È un tradizionale atteggiamento degli italiani la propensione a non fasciarsi la testa prima di cadere, ed a dirsi «quando un evento verrà, cercheremo di fronteggiarlo. Vedremo di cavarcela». Sta avvenendo così anche per i pericoli che per molti incombono nel prossimo autunno, sia in materia di eventuale ritorno dell’epidemia, sia in materia di probabile crisi dell’economia e dell’occupazione. Ci sembrano pericoli lontani e preferiamo non pensarci adesso; prima godiamoci l’aria del mare e dei monti, dopo tanta reclusione nelle case, nelle paure, nelle mascherine.
Rischiamo come sempre la impreparazione, vizio antico del sistema. Ed in effetti tutta l’avventura pandemica degli ultimi mesi è stata costellata da tante ammissioni di colpa: il mondo della sanità ha dichiarato di essersi trovato impreparato agli eventi; e così il mondo della scuola, il mondo dei trasporti urbani e locali, il mondo dei professionisti e dei commercianti, il mondo della gerarchia ecclesiastica, il mondo delle amministrazioni locali. Un mondo di impreparati, che ha quindi vissuto passivamente le articolate ricadute dell’epidemia; ed a poco sono servite le supplenze di commissari e di task force allestite più o meno in fretta.

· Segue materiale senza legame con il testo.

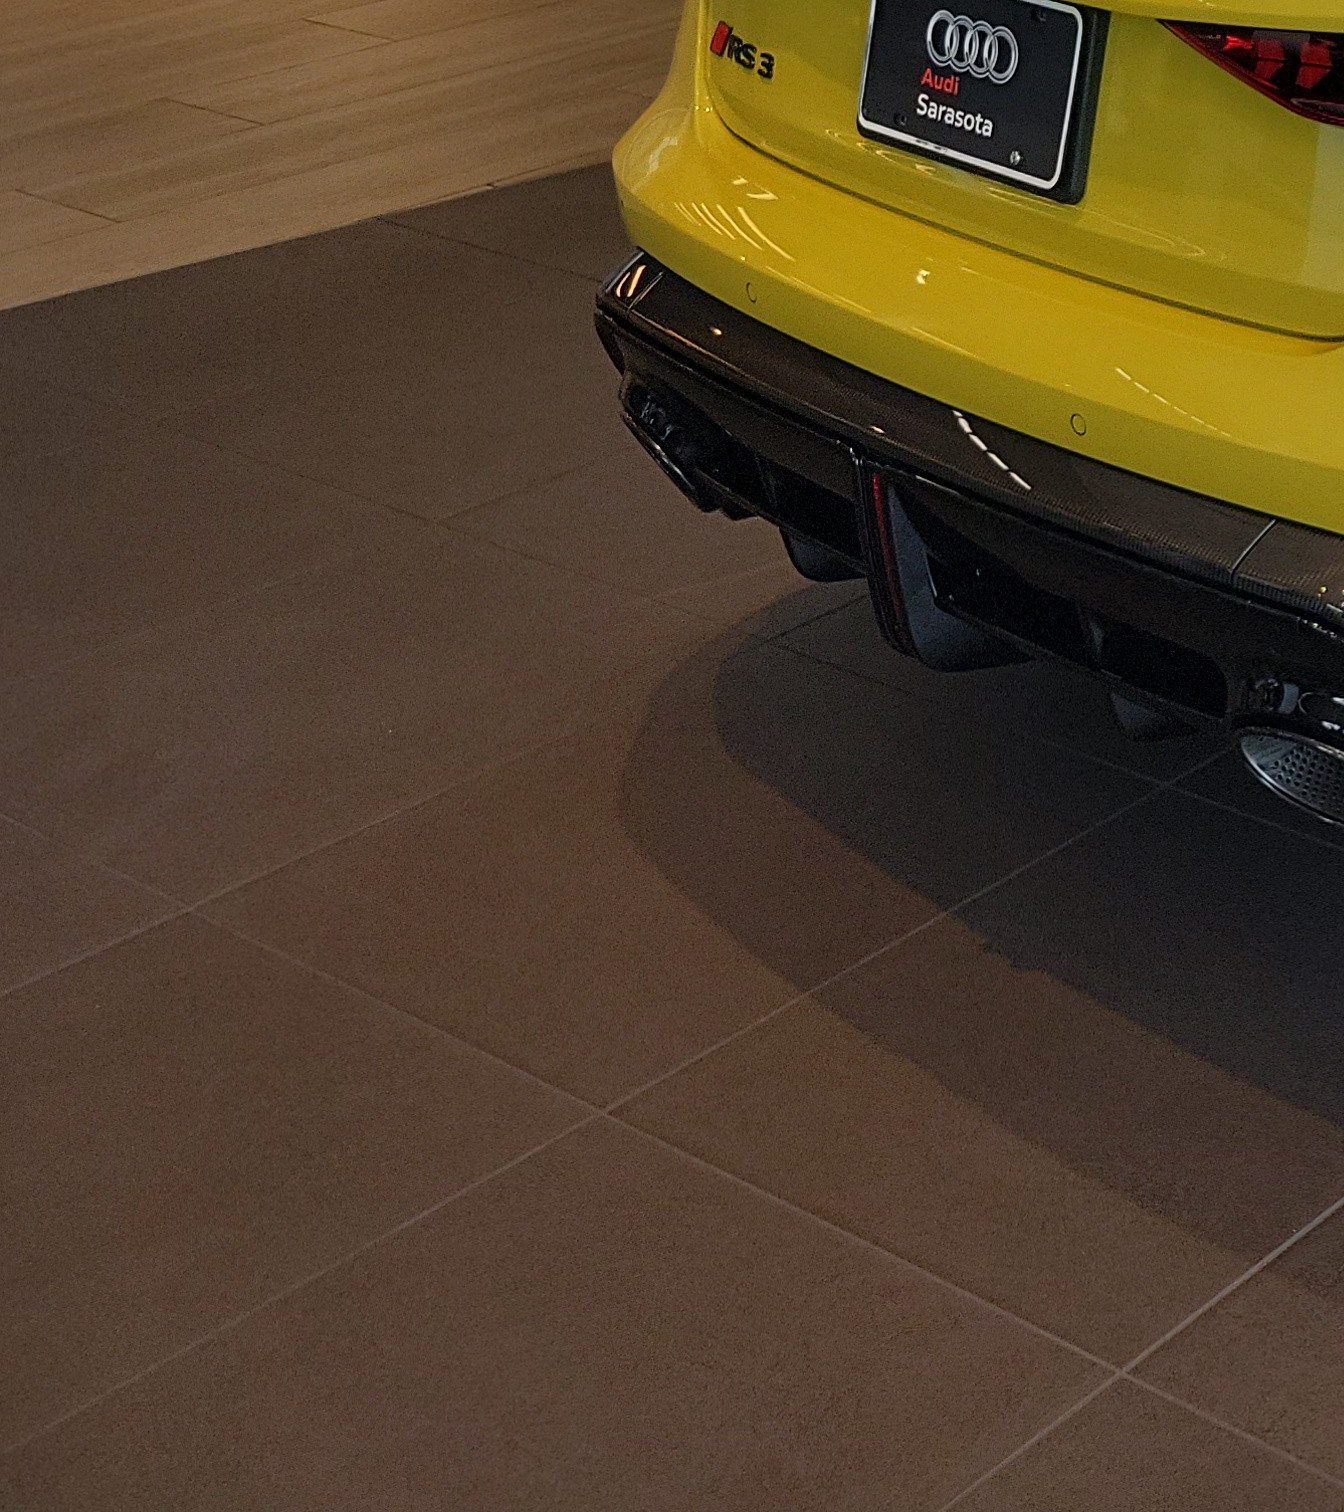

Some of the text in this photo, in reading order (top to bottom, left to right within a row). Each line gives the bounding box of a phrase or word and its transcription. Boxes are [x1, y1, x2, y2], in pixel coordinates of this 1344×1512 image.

A dire il vero, qualcuno di questi mondi ha dedicato un po’ di tempo a fare verifica delle proprie reazioni alla pandemia; ma la maggior parte di essi, specie quelli a maggiore dimensione, ha preferito rilanciare le proprie corporative esigenze (più risorse, più finanziamenti, più personale, più infrastrutture fisiche e amministrative, ecc.). Saranno quelli che verosimilmente si ritroveranno ancora impreparati.
Ma l’impreparazione che dovrebbe maggiormente preoccupare è quella della opinione pubblica, della cosiddetta gente comune, che, secondo alcuni commentatori, si ritroverà lasciata sola alle proprie paure: sul ritorno di un picco ingovernabile di epidemia; sull’arrivo degli abituali sei milioni di stagionali raffreddori e bronchiti, sospettosi di avere contratto il coronavirus; sull’arrivo di tante crisi aziendali e sulle relative perdite di occupazione; sulla insufficienza delle provvidenze recenti, tutte «a pioggia», a garantire adeguate conversioni strutturali; sulla ulteriore caduta della domanda interna e degli spazi di piccola imprenditoria (commercianti, professionisti, partite Iva, pubblici esercizi, ecc.); sulla stessa individuale capacità di fronteggiare l’emergenza (magari con più economia sommersa e più utilizzo di contanti); sulla crescita di malcontento diffuso e di pericolosi conflitti sociali.
Ripercorriamo questa lista di potenziali crisi e tensioni, e constateremo che non siamo preparati a fronteggiarle. E il tradizionale «ci penseremo quando arriveranno» non deve essere un facile alibi per la attuale voglia di godersi il presente e l’estate. Un alibi che non può essere invocato da chi quotidianamente informa i cittadini: occorre, invece, che senta il dovere di fare seria informazione su quel che ha caratterizzato i mesi della meno comunicazione e più informazione; poi meno conferenze stampa e più flussi leggibili di dati, meno sollecitazioni emotive e più costante orientamento dei comportamenti collettivi.